Votre livre n’est toujours pas édité en Algérie. Quand est-ce qu’il le sera ?

Mon livre est sorti en juin 2008. Vous en avez d’ailleurs la primeur. Je souhaite bien entendu qu’il soit rapidement publié en Algérie où se trouve le lectorat naturel de ce genre de livres. Cependant, cet aspect des choses relève du ressort strict de l’éditeur conformément au contrat d’édition signé conjointement. Il m’a cependant fait savoir qu’il était totalement ouvert à toutes propositions de la part des éditeurs et des libraires algériens. Ceci dit, mon livre finira bien un jour par sortir sur le marché algérien.

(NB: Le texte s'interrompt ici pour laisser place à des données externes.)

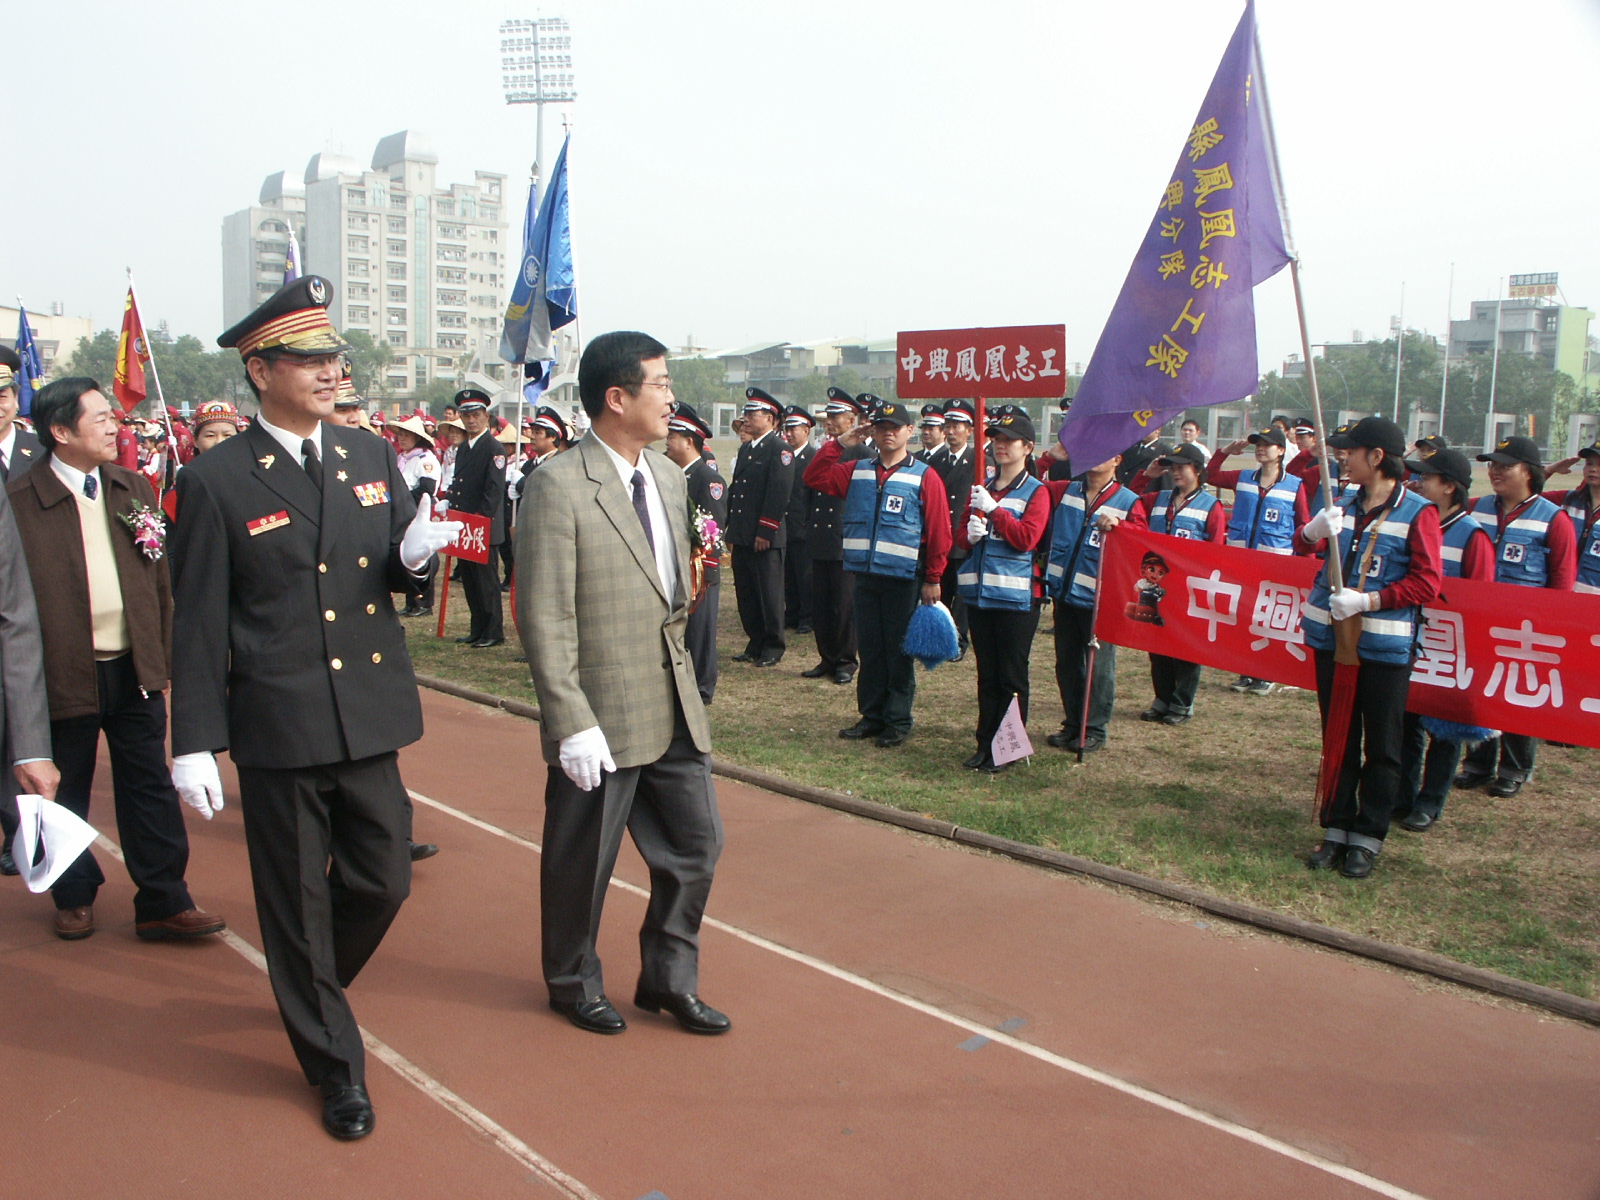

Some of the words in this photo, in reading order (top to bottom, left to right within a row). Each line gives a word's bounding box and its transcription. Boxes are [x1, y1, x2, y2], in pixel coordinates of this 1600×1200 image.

Vous êtes sur un deuxième ouvrage consacré à la guerre d’Algérie. Pouvez-vous nous en donner un bref aperçu ?

Si le livre que vous avez entre les mains est consacré à la guerre de reconquête livrée au peuple algérien par le régime colonial français, mon deuxième ouvrage, dont je vous précise encore qu’il est remis à l’éditeur pour être publié dans les prochains mois, le temps de laisser l’Algérie en guerre prendre sa place, est consacré aux différends algéro-algériens et tout particulièrement à la crise au sein du FLN, qui débouchera sur l’assassinat de Abane. Crise qui ne cesse, du reste, de marquer voire de polluer le champ politique algérien. Je ne vous en dirais pas plus pour le moment.

Un dernier mot, surtout que l’on célèbre le 52e anniversaire du Congrès de la Soummam ?

Un clin d’œil amical à si Moh-Chérif Hannachi pour son courage et son franc parler. Et tous mes compliments à la jeune et dynamique équipe de la Dépêche de Kabylie qui nous apporte chaque jour que Dieu fait, un peu de l’air frais et revigorant de nos montagnes.